ACTIVITY:
The records that follow are to be repeated exactly, without any pictures.

Text-to-region grounding data:
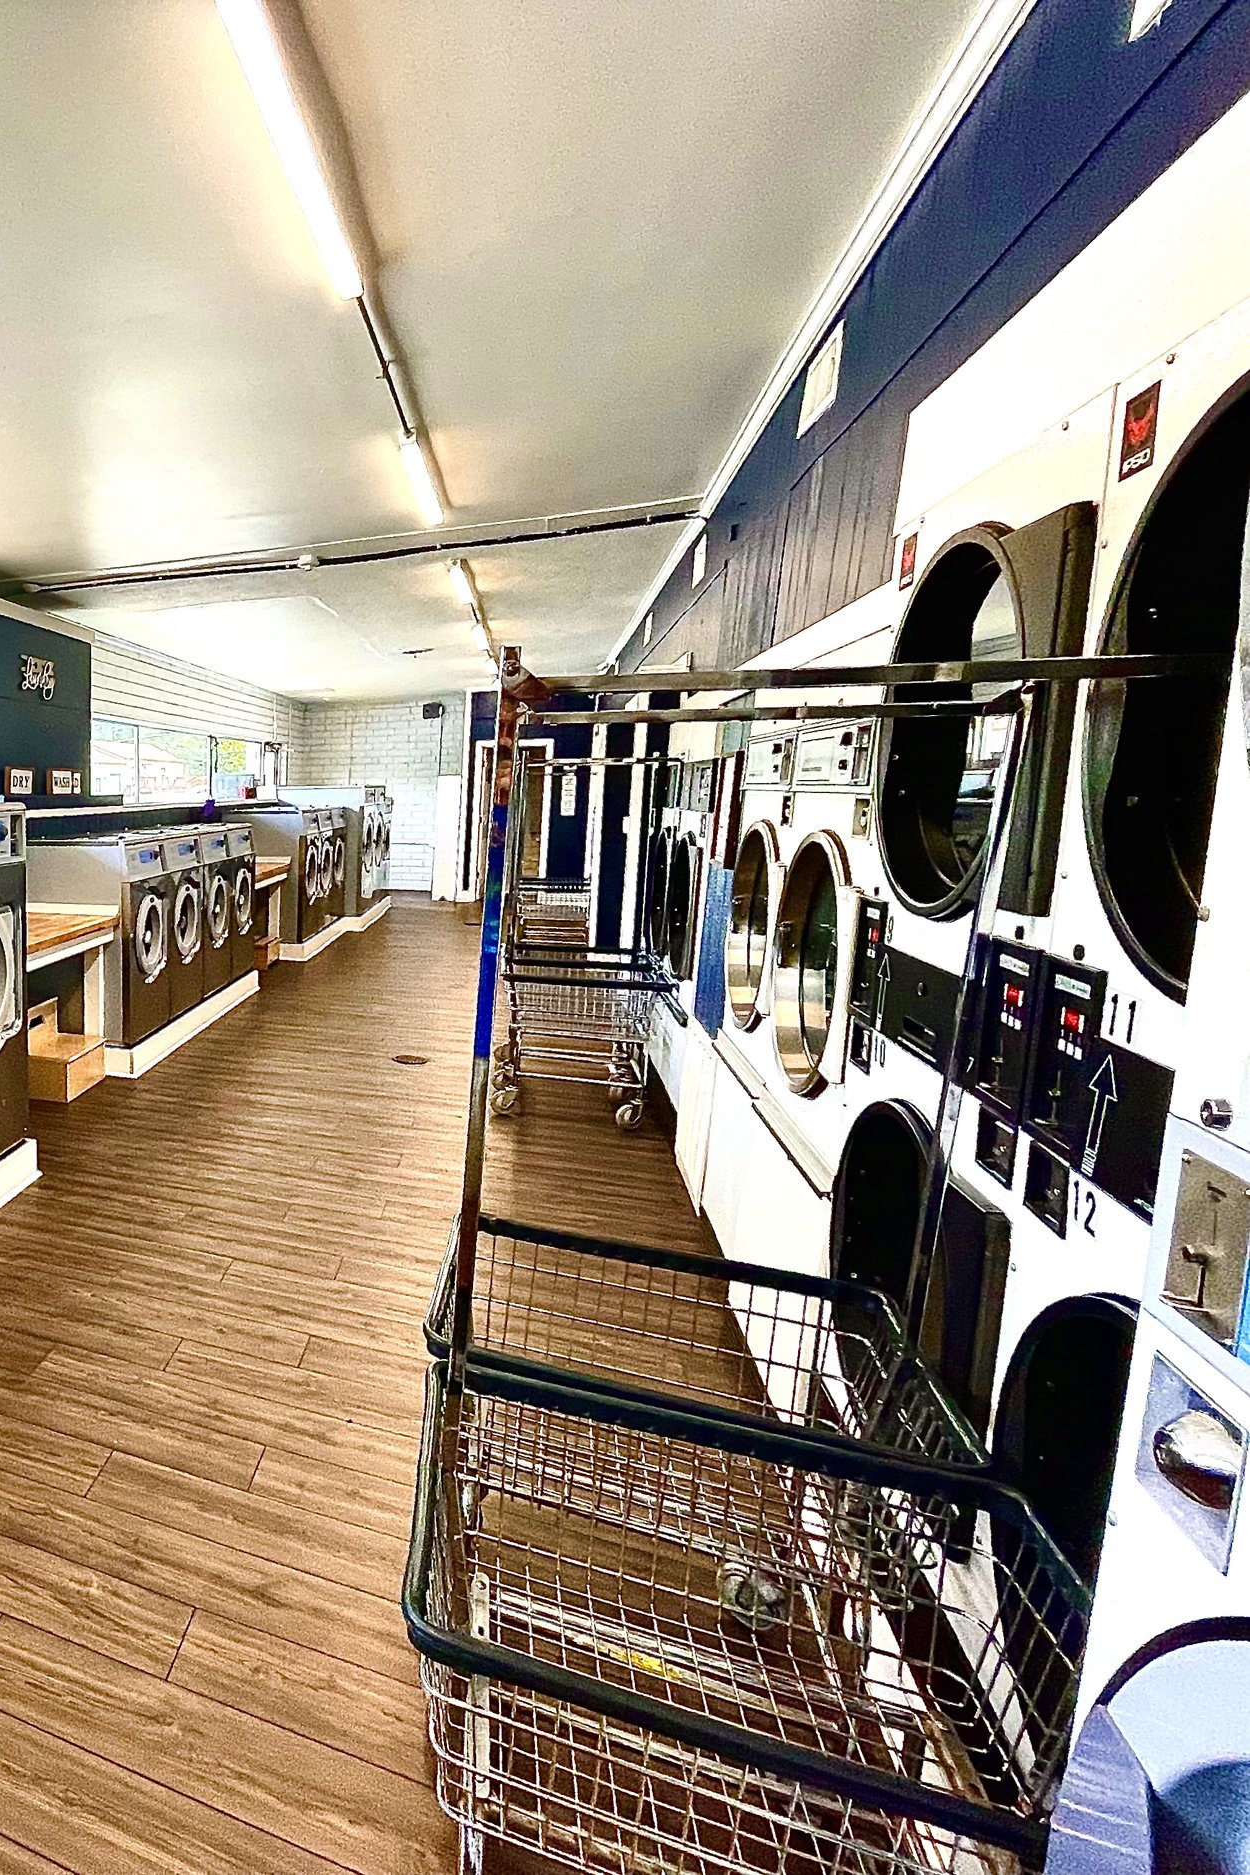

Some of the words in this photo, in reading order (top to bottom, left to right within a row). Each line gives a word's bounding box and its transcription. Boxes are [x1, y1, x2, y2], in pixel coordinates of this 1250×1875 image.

[12, 775, 30, 788] DRY
[53, 776, 70, 788] WASH
[886, 916, 894, 944] 9
[1108, 993, 1137, 1044] 11
[874, 1035, 886, 1068] 10
[1073, 1179, 1097, 1237] 12
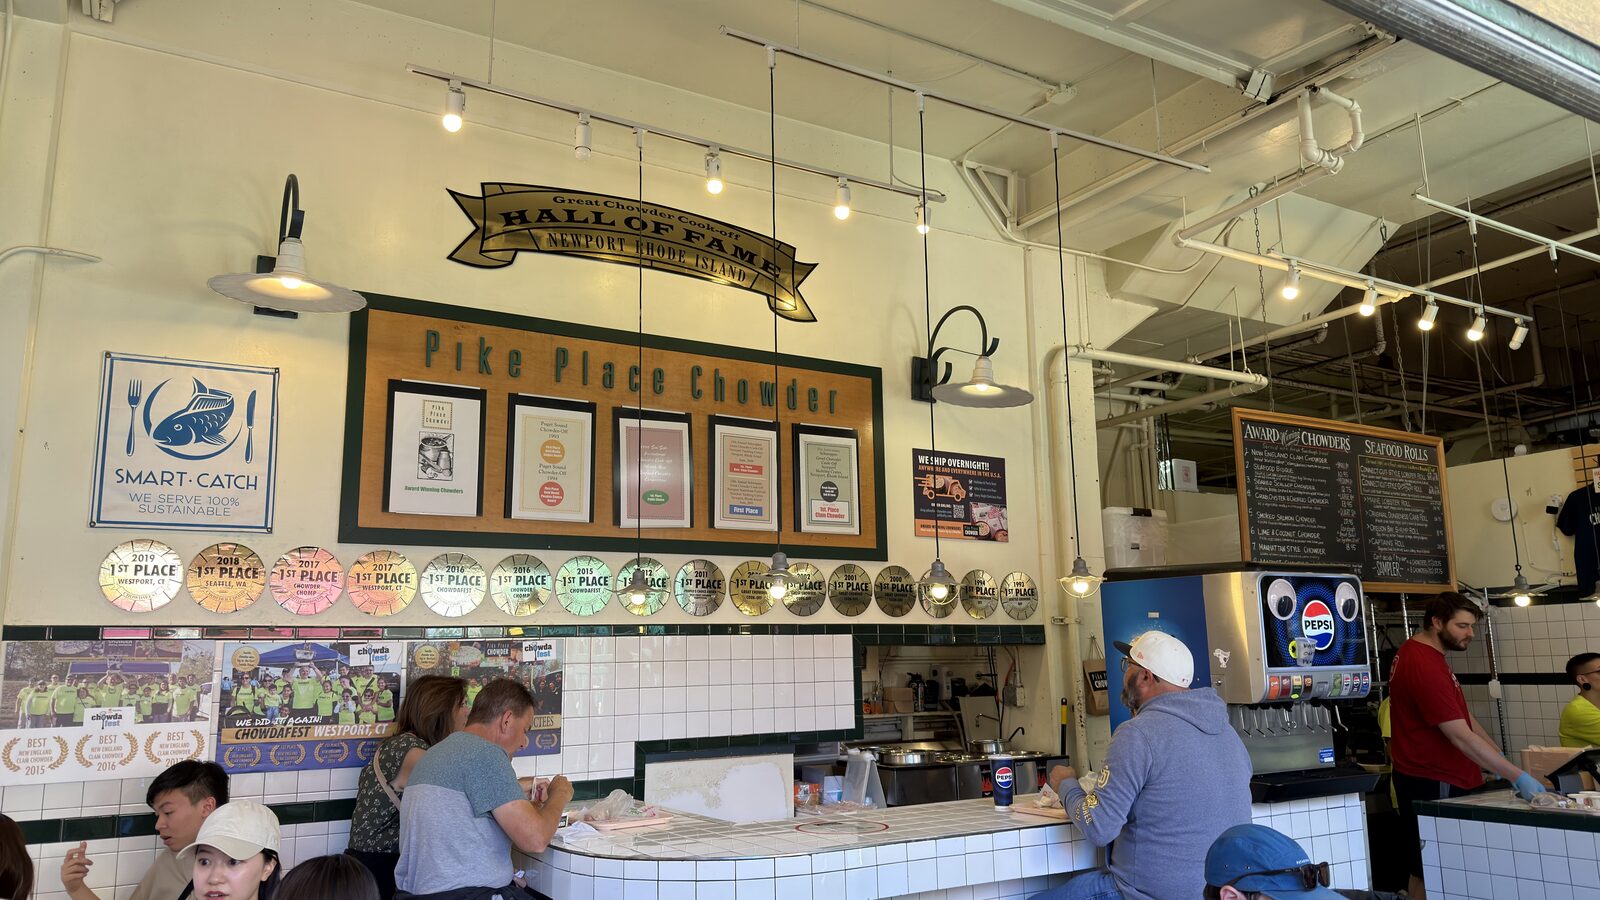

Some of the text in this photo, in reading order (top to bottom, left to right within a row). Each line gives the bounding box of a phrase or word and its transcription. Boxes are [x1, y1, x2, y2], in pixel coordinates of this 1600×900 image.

[552, 195, 741, 241] Great Chowder Cook-off
[498, 208, 782, 278] HALL OF FAME
[548, 232, 746, 282] NEWPORT RHODE ISLAND
[425, 329, 837, 414] Pike Place Chowder
[1244, 424, 1280, 443] AWARD
[1301, 431, 1351, 454] CHOWDERS
[1365, 439, 1429, 462] SEAFOOD ROLLS
[1264, 450, 1288, 459] ENGLAND
[1304, 455, 1328, 464] CHOWDER
[918, 455, 990, 471] WE SHIP OVERNIGHT!!!
[950, 468, 977, 476] EVERYWHERE
[420, 486, 440, 494] Winning
[440, 487, 464, 495] Chowders
[129, 493, 240, 507] WE SERVE 100%
[138, 504, 231, 517] SUSTAINABLE
[1257, 528, 1270, 536] LIME
[1297, 530, 1320, 539] CHOWDER
[1286, 545, 1301, 553] STYLE
[1303, 546, 1326, 555] CHOWDER
[131, 553, 155, 563] 2019
[216, 556, 240, 566] 2018
[298, 560, 320, 569] 2017
[372, 563, 393, 571] 2017
[445, 565, 465, 573] 2016
[109, 564, 176, 577] 1ST PLACE
[197, 566, 259, 580] 1ST PLACE
[513, 566, 531, 574] 2016
[694, 570, 708, 578] 2011
[279, 569, 338, 582] 1ST PLACE
[355, 572, 411, 584] 1ST PLACE
[429, 573, 481, 586] 1ST PLACE
[498, 574, 546, 586] 1ST PLACE
[118, 578, 156, 586] WESTPORT,
[205, 580, 235, 588] SEATTLE,
[562, 575, 609, 587] 1ST PLACE
[681, 578, 722, 589] 1ST PLACE
[736, 579, 747, 588] 1ST
[798, 581, 822, 591] PLACE
[834, 581, 869, 591] 1ST PLACE
[880, 583, 913, 592] 1ST PLACE
[965, 585, 996, 596] 1ST PLACE
[1005, 588, 1035, 597] 1ST PLACE
[1304, 619, 1332, 630] PEPSI
[357, 646, 389, 656] chowda
[524, 643, 552, 652] chowda
[371, 654, 390, 662] fest
[91, 711, 123, 721] chowda
[236, 716, 323, 727] WE DID IT AGAIN!
[167, 731, 185, 741] BEST
[234, 723, 389, 740] CHOWDAFEST WESTPORT, CT
[27, 738, 47, 748] BEST
[99, 735, 117, 745] BEST
[25, 765, 45, 775] 2015
[97, 761, 116, 771] 2016

RESULT:
Some of the words in this photo, in reading order (top to bottom, left to right within a row). Each line gives a word's bounding box and its transcription. Boxes are [x1, y1, x2, y2], in pixel coordinates of this 1250×1875 image.

[12, 775, 30, 788] DRY
[53, 776, 70, 788] WASH
[886, 916, 894, 944] 9
[1108, 993, 1137, 1044] 11
[874, 1035, 886, 1068] 10
[1073, 1179, 1097, 1237] 12

Some of the text in this photo, in reading order (top to bottom, left to right within a row). Each line gives the bounding box of a phrase or word and its transcription. Boxes are [x1, y1, x2, y2], in pixel coordinates of this 1600×900 image.

[552, 195, 741, 241] Great Chowder Cook-off
[498, 208, 782, 278] HALL OF FAME
[548, 232, 746, 282] NEWPORT RHODE ISLAND
[425, 329, 837, 414] Pike Place Chowder
[1244, 424, 1280, 443] AWARD
[1301, 431, 1351, 454] CHOWDERS
[1365, 439, 1429, 462] SEAFOOD ROLLS
[1264, 450, 1288, 459] ENGLAND
[1304, 455, 1328, 464] CHOWDER
[918, 455, 990, 471] WE SHIP OVERNIGHT!!!
[950, 468, 977, 476] EVERYWHERE
[420, 486, 440, 494] Winning
[440, 487, 464, 495] Chowders
[129, 493, 240, 507] WE SERVE 100%
[138, 504, 231, 517] SUSTAINABLE
[1257, 528, 1270, 536] LIME
[1297, 530, 1320, 539] CHOWDER
[1286, 545, 1301, 553] STYLE
[1303, 546, 1326, 555] CHOWDER
[131, 553, 155, 563] 2019
[216, 556, 240, 566] 2018
[298, 560, 320, 569] 2017
[372, 563, 393, 571] 2017
[445, 565, 465, 573] 2016
[109, 564, 176, 577] 1ST PLACE
[197, 566, 259, 580] 1ST PLACE
[513, 566, 531, 574] 2016
[694, 570, 708, 578] 2011
[279, 569, 338, 582] 1ST PLACE
[355, 572, 411, 584] 1ST PLACE
[429, 573, 481, 586] 1ST PLACE
[498, 574, 546, 586] 1ST PLACE
[118, 578, 156, 586] WESTPORT,
[205, 580, 235, 588] SEATTLE,
[562, 575, 609, 587] 1ST PLACE
[681, 578, 722, 589] 1ST PLACE
[736, 579, 747, 588] 1ST
[798, 581, 822, 591] PLACE
[834, 581, 869, 591] 1ST PLACE
[880, 583, 913, 592] 1ST PLACE
[965, 585, 996, 596] 1ST PLACE
[1005, 588, 1035, 597] 1ST PLACE
[1304, 619, 1332, 630] PEPSI
[357, 646, 389, 656] chowda
[524, 643, 552, 652] chowda
[371, 654, 390, 662] fest
[91, 711, 123, 721] chowda
[236, 716, 323, 727] WE DID IT AGAIN!
[167, 731, 185, 741] BEST
[234, 723, 389, 740] CHOWDAFEST WESTPORT, CT
[27, 738, 47, 748] BEST
[99, 735, 117, 745] BEST
[25, 765, 45, 775] 2015
[97, 761, 116, 771] 2016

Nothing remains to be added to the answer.